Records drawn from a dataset
-*-

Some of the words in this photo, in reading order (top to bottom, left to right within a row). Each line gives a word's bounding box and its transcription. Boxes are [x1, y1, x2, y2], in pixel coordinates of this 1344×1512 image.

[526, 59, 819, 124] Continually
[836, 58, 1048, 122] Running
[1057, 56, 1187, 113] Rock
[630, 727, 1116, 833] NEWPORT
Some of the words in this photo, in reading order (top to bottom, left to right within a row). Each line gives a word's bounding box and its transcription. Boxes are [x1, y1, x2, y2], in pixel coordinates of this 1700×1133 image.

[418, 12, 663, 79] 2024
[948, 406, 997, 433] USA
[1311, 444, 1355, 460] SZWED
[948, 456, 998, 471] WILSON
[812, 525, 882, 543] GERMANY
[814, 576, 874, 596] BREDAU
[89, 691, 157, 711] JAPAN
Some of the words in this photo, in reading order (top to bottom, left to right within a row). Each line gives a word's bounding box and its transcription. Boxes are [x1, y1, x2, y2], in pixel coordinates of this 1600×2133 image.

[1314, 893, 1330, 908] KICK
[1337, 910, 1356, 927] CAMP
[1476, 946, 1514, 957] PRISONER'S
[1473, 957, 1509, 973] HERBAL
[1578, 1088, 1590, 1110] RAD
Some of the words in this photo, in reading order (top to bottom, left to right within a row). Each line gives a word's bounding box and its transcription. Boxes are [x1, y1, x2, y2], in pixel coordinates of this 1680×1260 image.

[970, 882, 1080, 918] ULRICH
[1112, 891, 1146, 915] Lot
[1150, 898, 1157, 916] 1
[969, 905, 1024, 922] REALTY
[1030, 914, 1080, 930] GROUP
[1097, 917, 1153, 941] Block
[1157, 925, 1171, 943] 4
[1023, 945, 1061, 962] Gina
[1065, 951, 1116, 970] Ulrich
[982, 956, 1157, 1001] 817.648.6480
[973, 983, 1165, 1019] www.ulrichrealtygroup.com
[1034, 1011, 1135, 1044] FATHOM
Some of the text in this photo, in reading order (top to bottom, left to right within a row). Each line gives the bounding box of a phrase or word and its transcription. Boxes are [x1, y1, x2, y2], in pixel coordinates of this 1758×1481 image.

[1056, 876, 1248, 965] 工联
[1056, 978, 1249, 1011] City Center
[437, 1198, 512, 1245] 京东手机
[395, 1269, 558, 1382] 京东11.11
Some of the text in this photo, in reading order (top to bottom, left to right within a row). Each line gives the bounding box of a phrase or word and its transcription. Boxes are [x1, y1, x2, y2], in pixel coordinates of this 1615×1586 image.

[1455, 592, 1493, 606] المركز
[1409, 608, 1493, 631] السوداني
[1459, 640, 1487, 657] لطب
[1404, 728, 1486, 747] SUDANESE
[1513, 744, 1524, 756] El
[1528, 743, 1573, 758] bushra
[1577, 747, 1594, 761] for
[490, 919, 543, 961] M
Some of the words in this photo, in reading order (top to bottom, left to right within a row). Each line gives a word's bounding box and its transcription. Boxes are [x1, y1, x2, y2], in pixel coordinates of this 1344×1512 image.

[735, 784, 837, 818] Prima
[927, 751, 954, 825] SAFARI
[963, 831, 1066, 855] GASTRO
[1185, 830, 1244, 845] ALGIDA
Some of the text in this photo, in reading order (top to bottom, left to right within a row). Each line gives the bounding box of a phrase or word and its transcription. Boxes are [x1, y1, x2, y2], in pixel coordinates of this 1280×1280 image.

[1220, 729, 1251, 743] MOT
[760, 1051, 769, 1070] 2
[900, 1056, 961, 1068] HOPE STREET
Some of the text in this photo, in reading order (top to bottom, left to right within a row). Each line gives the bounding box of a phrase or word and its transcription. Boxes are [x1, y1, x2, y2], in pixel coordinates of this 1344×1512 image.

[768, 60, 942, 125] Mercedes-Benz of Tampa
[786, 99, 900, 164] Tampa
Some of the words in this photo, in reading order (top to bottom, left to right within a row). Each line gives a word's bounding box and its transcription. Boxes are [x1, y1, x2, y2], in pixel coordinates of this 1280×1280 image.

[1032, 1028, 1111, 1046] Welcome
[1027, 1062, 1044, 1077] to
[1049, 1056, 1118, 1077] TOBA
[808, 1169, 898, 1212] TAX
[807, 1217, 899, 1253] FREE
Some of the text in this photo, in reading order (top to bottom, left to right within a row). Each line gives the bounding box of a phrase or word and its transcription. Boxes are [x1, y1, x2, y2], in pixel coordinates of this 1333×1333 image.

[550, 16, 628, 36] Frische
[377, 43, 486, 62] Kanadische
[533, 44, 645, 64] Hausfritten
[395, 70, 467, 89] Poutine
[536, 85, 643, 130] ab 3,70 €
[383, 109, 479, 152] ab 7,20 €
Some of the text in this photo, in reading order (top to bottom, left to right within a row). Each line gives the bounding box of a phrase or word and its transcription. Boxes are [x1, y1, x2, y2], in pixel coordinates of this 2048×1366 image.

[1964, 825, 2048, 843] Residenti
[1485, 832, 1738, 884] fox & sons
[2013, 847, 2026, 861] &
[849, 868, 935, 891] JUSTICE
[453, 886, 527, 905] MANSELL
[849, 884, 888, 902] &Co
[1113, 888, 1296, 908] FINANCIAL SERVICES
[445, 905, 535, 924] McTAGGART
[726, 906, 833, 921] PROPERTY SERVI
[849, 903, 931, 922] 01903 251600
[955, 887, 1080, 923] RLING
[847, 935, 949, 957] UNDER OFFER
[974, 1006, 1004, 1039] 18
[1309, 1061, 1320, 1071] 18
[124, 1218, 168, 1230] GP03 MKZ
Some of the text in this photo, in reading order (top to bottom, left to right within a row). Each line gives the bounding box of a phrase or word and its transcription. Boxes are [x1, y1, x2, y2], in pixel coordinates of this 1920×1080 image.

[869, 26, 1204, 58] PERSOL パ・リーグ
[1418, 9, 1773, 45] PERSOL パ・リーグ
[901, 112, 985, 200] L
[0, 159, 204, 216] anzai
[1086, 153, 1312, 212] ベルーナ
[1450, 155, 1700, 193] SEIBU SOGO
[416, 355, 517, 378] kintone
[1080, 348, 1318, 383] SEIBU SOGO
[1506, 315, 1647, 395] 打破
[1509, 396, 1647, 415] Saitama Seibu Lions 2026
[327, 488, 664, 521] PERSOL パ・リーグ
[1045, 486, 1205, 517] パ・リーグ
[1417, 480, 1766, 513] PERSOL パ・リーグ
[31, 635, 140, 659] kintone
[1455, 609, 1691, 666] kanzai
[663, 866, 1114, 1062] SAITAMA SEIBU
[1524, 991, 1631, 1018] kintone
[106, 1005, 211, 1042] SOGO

-*-

Problem statement
Repeat the data above exactly.

Written solution
Some of the words in this photo, in reading order (top to bottom, left to right within a row). Each line gives a word's bounding box and its transcription. Boxes are [x1, y1, x2, y2], in pixel coordinates of this 1344×1512 image.

[526, 59, 819, 124] Continually
[836, 58, 1048, 122] Running
[1057, 56, 1187, 113] Rock
[630, 727, 1116, 833] NEWPORT
Some of the words in this photo, in reading order (top to bottom, left to right within a row). Each line gives a word's bounding box and its transcription. Boxes are [x1, y1, x2, y2], in pixel coordinates of this 1700×1133 image.

[418, 12, 663, 79] 2024
[948, 406, 997, 433] USA
[1311, 444, 1355, 460] SZWED
[948, 456, 998, 471] WILSON
[812, 525, 882, 543] GERMANY
[814, 576, 874, 596] BREDAU
[89, 691, 157, 711] JAPAN
Some of the words in this photo, in reading order (top to bottom, left to right within a row). Each line gives a word's bounding box and its transcription. Boxes are [x1, y1, x2, y2], in pixel coordinates of this 1600×2133 image.

[1314, 893, 1330, 908] KICK
[1337, 910, 1356, 927] CAMP
[1476, 946, 1514, 957] PRISONER'S
[1473, 957, 1509, 973] HERBAL
[1578, 1088, 1590, 1110] RAD
Some of the words in this photo, in reading order (top to bottom, left to right within a row). Each line gives a word's bounding box and its transcription. Boxes are [x1, y1, x2, y2], in pixel coordinates of this 1680×1260 image.

[970, 882, 1080, 918] ULRICH
[1112, 891, 1146, 915] Lot
[1150, 898, 1157, 916] 1
[969, 905, 1024, 922] REALTY
[1030, 914, 1080, 930] GROUP
[1097, 917, 1153, 941] Block
[1157, 925, 1171, 943] 4
[1023, 945, 1061, 962] Gina
[1065, 951, 1116, 970] Ulrich
[982, 956, 1157, 1001] 817.648.6480
[973, 983, 1165, 1019] www.ulrichrealtygroup.com
[1034, 1011, 1135, 1044] FATHOM
Some of the text in this photo, in reading order (top to bottom, left to right within a row). Each line gives the bounding box of a phrase or word and its transcription. Boxes are [x1, y1, x2, y2], in pixel coordinates of this 1758×1481 image.

[1056, 876, 1248, 965] 工联
[1056, 978, 1249, 1011] City Center
[437, 1198, 512, 1245] 京东手机
[395, 1269, 558, 1382] 京东11.11
Some of the text in this photo, in reading order (top to bottom, left to right within a row). Each line gives the bounding box of a phrase or word and its transcription. Boxes are [x1, y1, x2, y2], in pixel coordinates of this 1615×1586 image.

[1455, 592, 1493, 606] المركز
[1409, 608, 1493, 631] السوداني
[1459, 640, 1487, 657] لطب
[1404, 728, 1486, 747] SUDANESE
[1513, 744, 1524, 756] El
[1528, 743, 1573, 758] bushra
[1577, 747, 1594, 761] for
[490, 919, 543, 961] M
Some of the words in this photo, in reading order (top to bottom, left to right within a row). Each line gives a word's bounding box and its transcription. Boxes are [x1, y1, x2, y2], in pixel coordinates of this 1344×1512 image.

[735, 784, 837, 818] Prima
[927, 751, 954, 825] SAFARI
[963, 831, 1066, 855] GASTRO
[1185, 830, 1244, 845] ALGIDA
Some of the text in this photo, in reading order (top to bottom, left to right within a row). Each line gives the bounding box of a phrase or word and its transcription. Boxes are [x1, y1, x2, y2], in pixel coordinates of this 1280×1280 image.

[1220, 729, 1251, 743] MOT
[760, 1051, 769, 1070] 2
[900, 1056, 961, 1068] HOPE STREET
Some of the text in this photo, in reading order (top to bottom, left to right within a row). Each line gives the bounding box of a phrase or word and its transcription. Boxes are [x1, y1, x2, y2], in pixel coordinates of this 1344×1512 image.

[768, 60, 942, 125] Mercedes-Benz of Tampa
[786, 99, 900, 164] Tampa
Some of the words in this photo, in reading order (top to bottom, left to right within a row). Each line gives a word's bounding box and its transcription. Boxes are [x1, y1, x2, y2], in pixel coordinates of this 1280×1280 image.

[1032, 1028, 1111, 1046] Welcome
[1027, 1062, 1044, 1077] to
[1049, 1056, 1118, 1077] TOBA
[808, 1169, 898, 1212] TAX
[807, 1217, 899, 1253] FREE
Some of the text in this photo, in reading order (top to bottom, left to right within a row). Each line gives the bounding box of a phrase or word and its transcription. Boxes are [x1, y1, x2, y2], in pixel coordinates of this 1333×1333 image.

[550, 16, 628, 36] Frische
[377, 43, 486, 62] Kanadische
[533, 44, 645, 64] Hausfritten
[395, 70, 467, 89] Poutine
[536, 85, 643, 130] ab 3,70 €
[383, 109, 479, 152] ab 7,20 €
Some of the text in this photo, in reading order (top to bottom, left to right within a row). Each line gives the bounding box of a phrase or word and its transcription. Boxes are [x1, y1, x2, y2], in pixel coordinates of this 2048×1366 image.

[1964, 825, 2048, 843] Residenti
[1485, 832, 1738, 884] fox & sons
[2013, 847, 2026, 861] &
[849, 868, 935, 891] JUSTICE
[453, 886, 527, 905] MANSELL
[849, 884, 888, 902] &Co
[1113, 888, 1296, 908] FINANCIAL SERVICES
[445, 905, 535, 924] McTAGGART
[726, 906, 833, 921] PROPERTY SERVI
[849, 903, 931, 922] 01903 251600
[955, 887, 1080, 923] RLING
[847, 935, 949, 957] UNDER OFFER
[974, 1006, 1004, 1039] 18
[1309, 1061, 1320, 1071] 18
[124, 1218, 168, 1230] GP03 MKZ
Some of the text in this photo, in reading order (top to bottom, left to right within a row). Each line gives the bounding box of a phrase or word and its transcription. Boxes are [x1, y1, x2, y2], in pixel coordinates of this 1920×1080 image.

[869, 26, 1204, 58] PERSOL パ・リーグ
[1418, 9, 1773, 45] PERSOL パ・リーグ
[901, 112, 985, 200] L
[0, 159, 204, 216] anzai
[1086, 153, 1312, 212] ベルーナ
[1450, 155, 1700, 193] SEIBU SOGO
[416, 355, 517, 378] kintone
[1080, 348, 1318, 383] SEIBU SOGO
[1506, 315, 1647, 395] 打破
[1509, 396, 1647, 415] Saitama Seibu Lions 2026
[327, 488, 664, 521] PERSOL パ・リーグ
[1045, 486, 1205, 517] パ・リーグ
[1417, 480, 1766, 513] PERSOL パ・リーグ
[31, 635, 140, 659] kintone
[1455, 609, 1691, 666] kanzai
[663, 866, 1114, 1062] SAITAMA SEIBU
[1524, 991, 1631, 1018] kintone
[106, 1005, 211, 1042] SOGO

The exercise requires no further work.